■ Task to complete ■
Would you please transcribe the data in full and exactly, excluding images?

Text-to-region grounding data
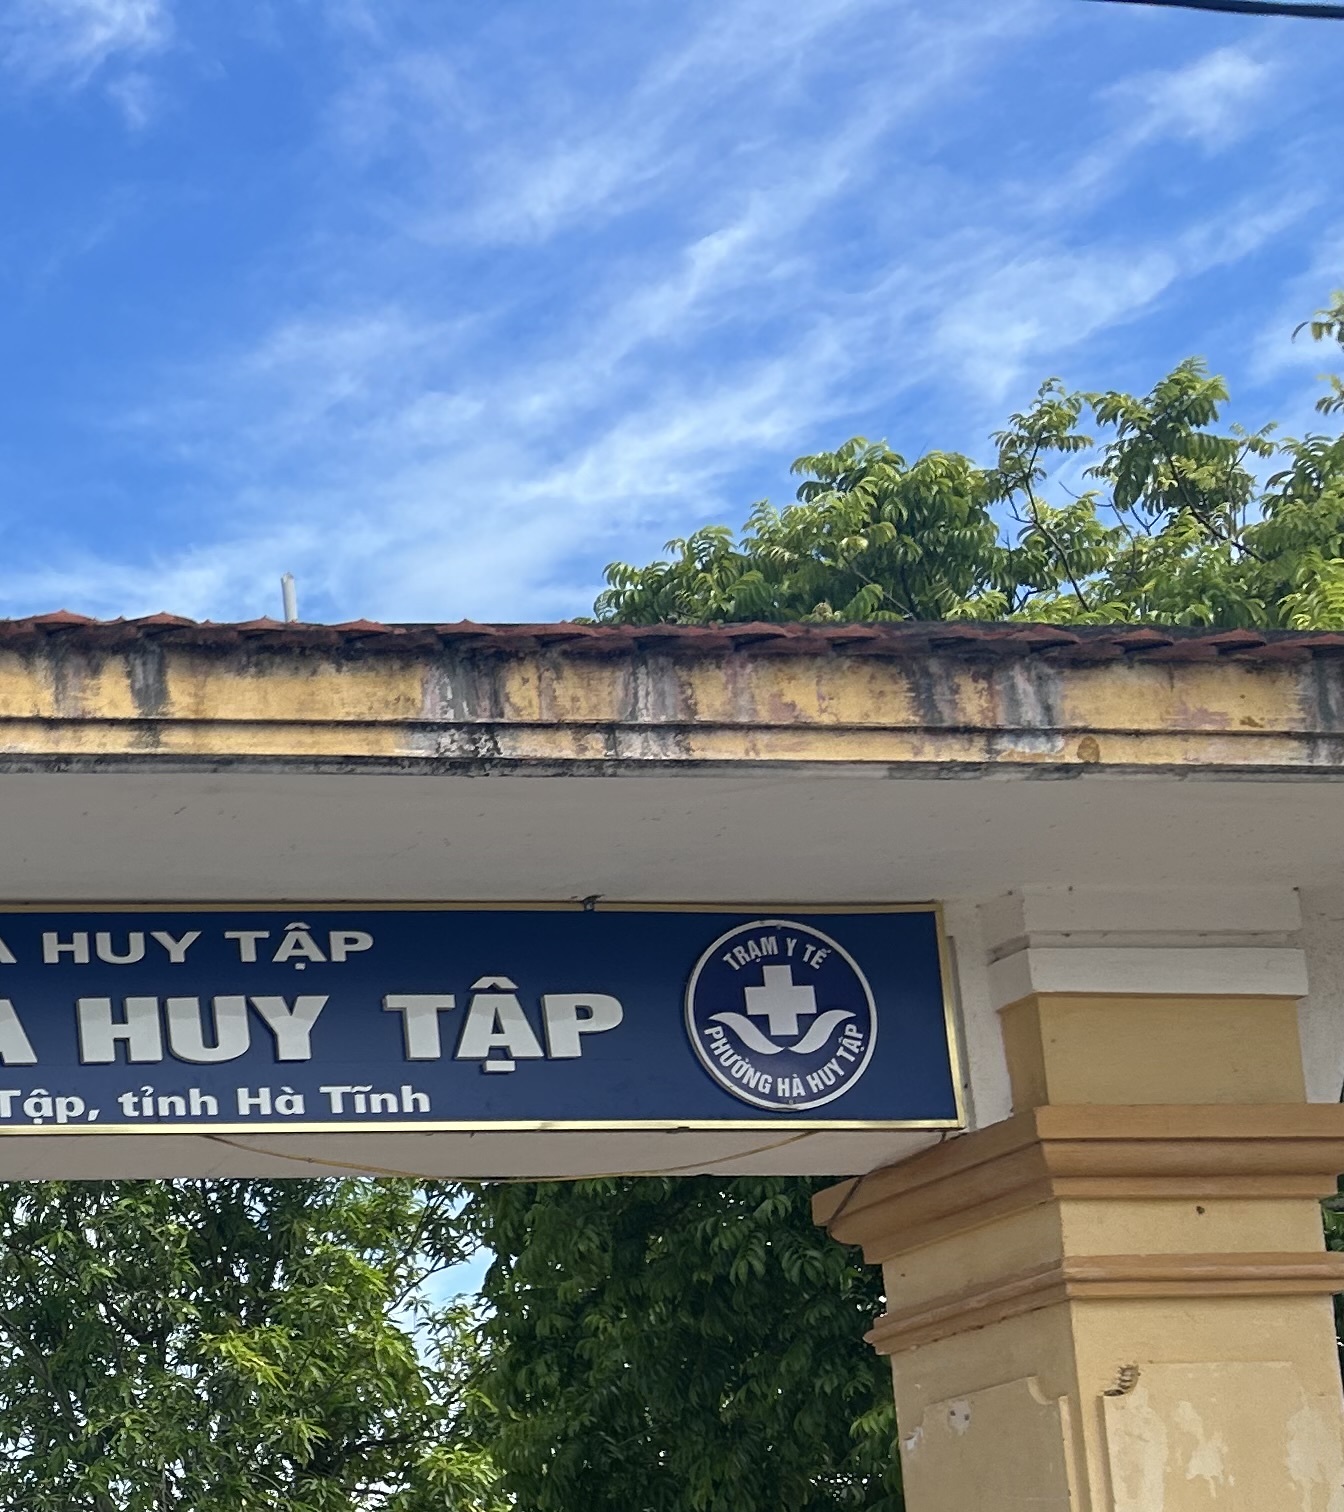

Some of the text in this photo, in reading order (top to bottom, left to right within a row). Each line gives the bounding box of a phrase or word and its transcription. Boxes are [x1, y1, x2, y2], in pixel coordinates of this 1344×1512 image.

[42, 930, 202, 965] HUY
[224, 922, 374, 970] TẬP
[722, 935, 832, 971] TRẠM Y TẾ
[78, 995, 330, 1063] HUY
[383, 976, 624, 1073] TẬP
[703, 1023, 865, 1098] PHƯỜNG HÀ HUY TẬP
[117, 1085, 218, 1117] tỉnh
[236, 1086, 306, 1116] Hà
[319, 1085, 431, 1114] Tĩnh
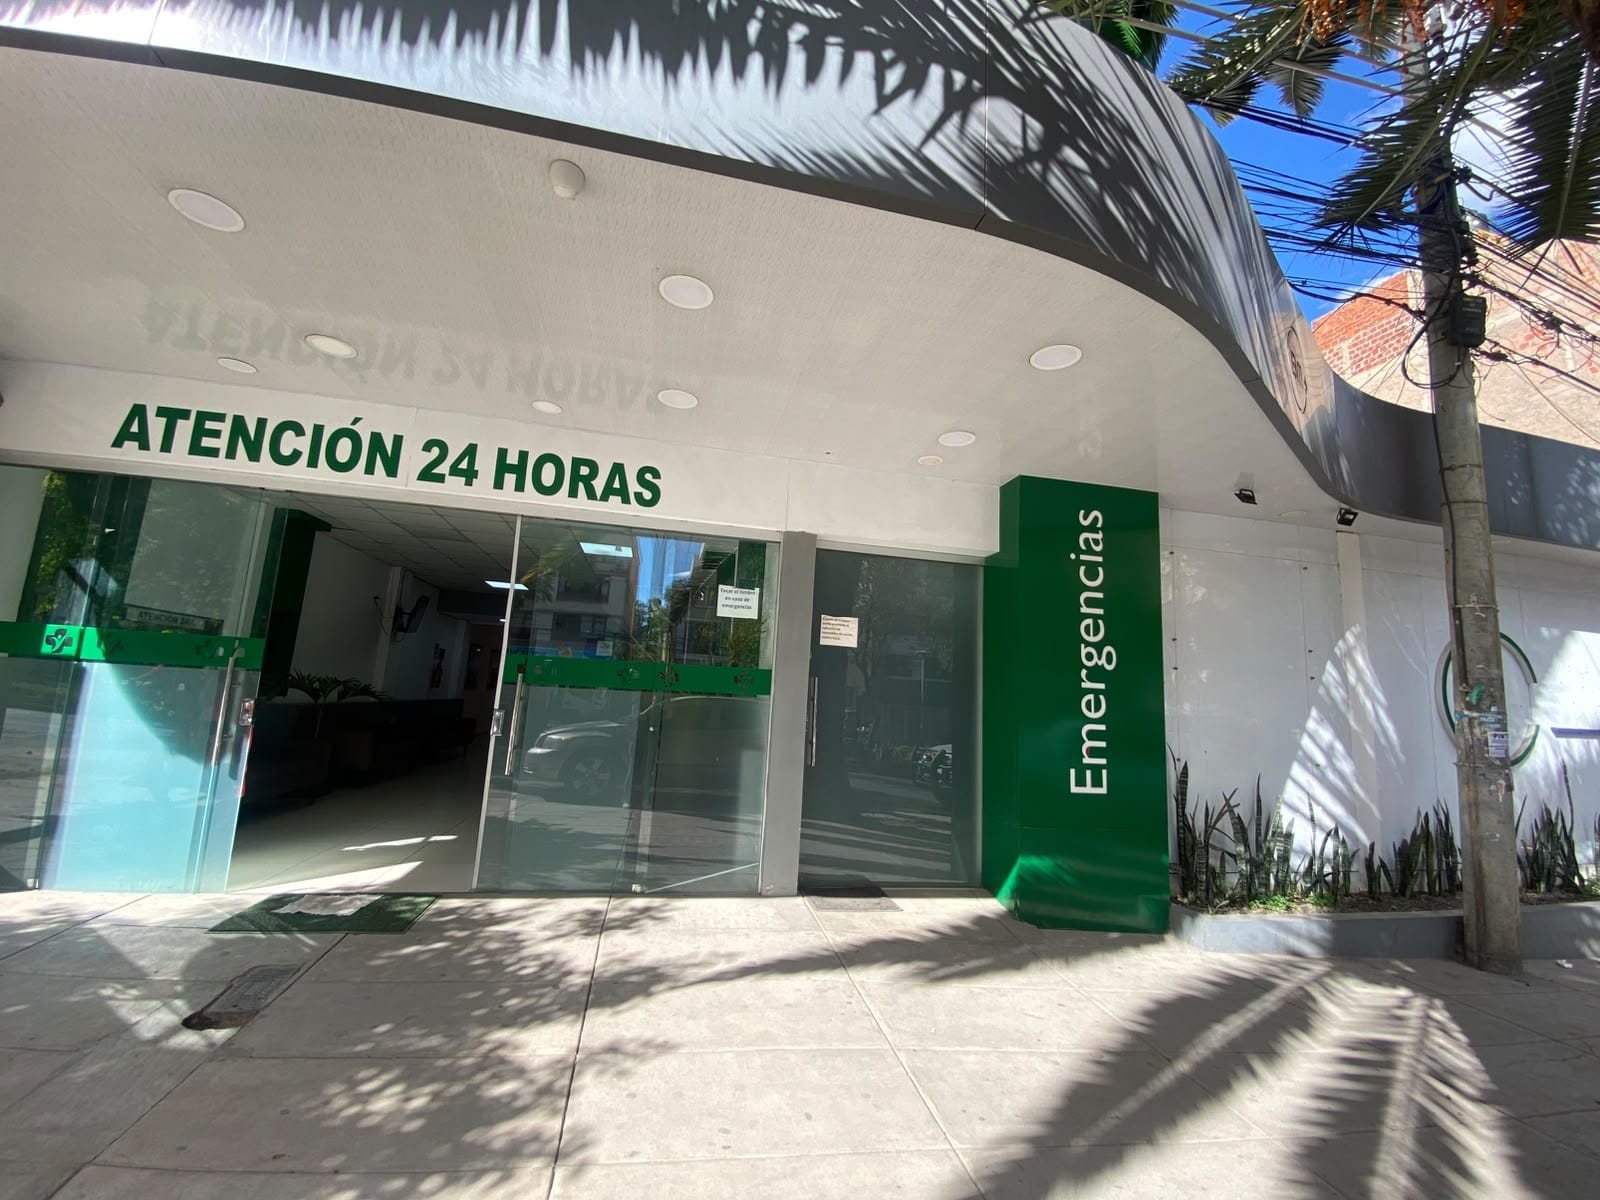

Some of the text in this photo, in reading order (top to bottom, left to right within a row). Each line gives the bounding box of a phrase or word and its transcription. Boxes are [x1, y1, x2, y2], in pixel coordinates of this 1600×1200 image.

[110, 402, 663, 508] ATENCIÓN 24 HORAS
[1069, 509, 1117, 795] Emergencias

■ Written reply ■
Some of the text in this photo, in reading order (top to bottom, left to right within a row). Each line gives the bounding box of a phrase or word and its transcription. Boxes are [x1, y1, x2, y2], in pixel coordinates of this 1344×1512 image.

[42, 930, 202, 965] HUY
[224, 922, 374, 970] TẬP
[722, 935, 832, 971] TRẠM Y TẾ
[78, 995, 330, 1063] HUY
[383, 976, 624, 1073] TẬP
[703, 1023, 865, 1098] PHƯỜNG HÀ HUY TẬP
[117, 1085, 218, 1117] tỉnh
[236, 1086, 306, 1116] Hà
[319, 1085, 431, 1114] Tĩnh

Some of the text in this photo, in reading order (top to bottom, left to right within a row). Each line gives the bounding box of a phrase or word and its transcription. Boxes are [x1, y1, x2, y2], in pixel coordinates of this 1600×1200 image.

[110, 402, 663, 508] ATENCIÓN 24 HORAS
[1069, 509, 1117, 795] Emergencias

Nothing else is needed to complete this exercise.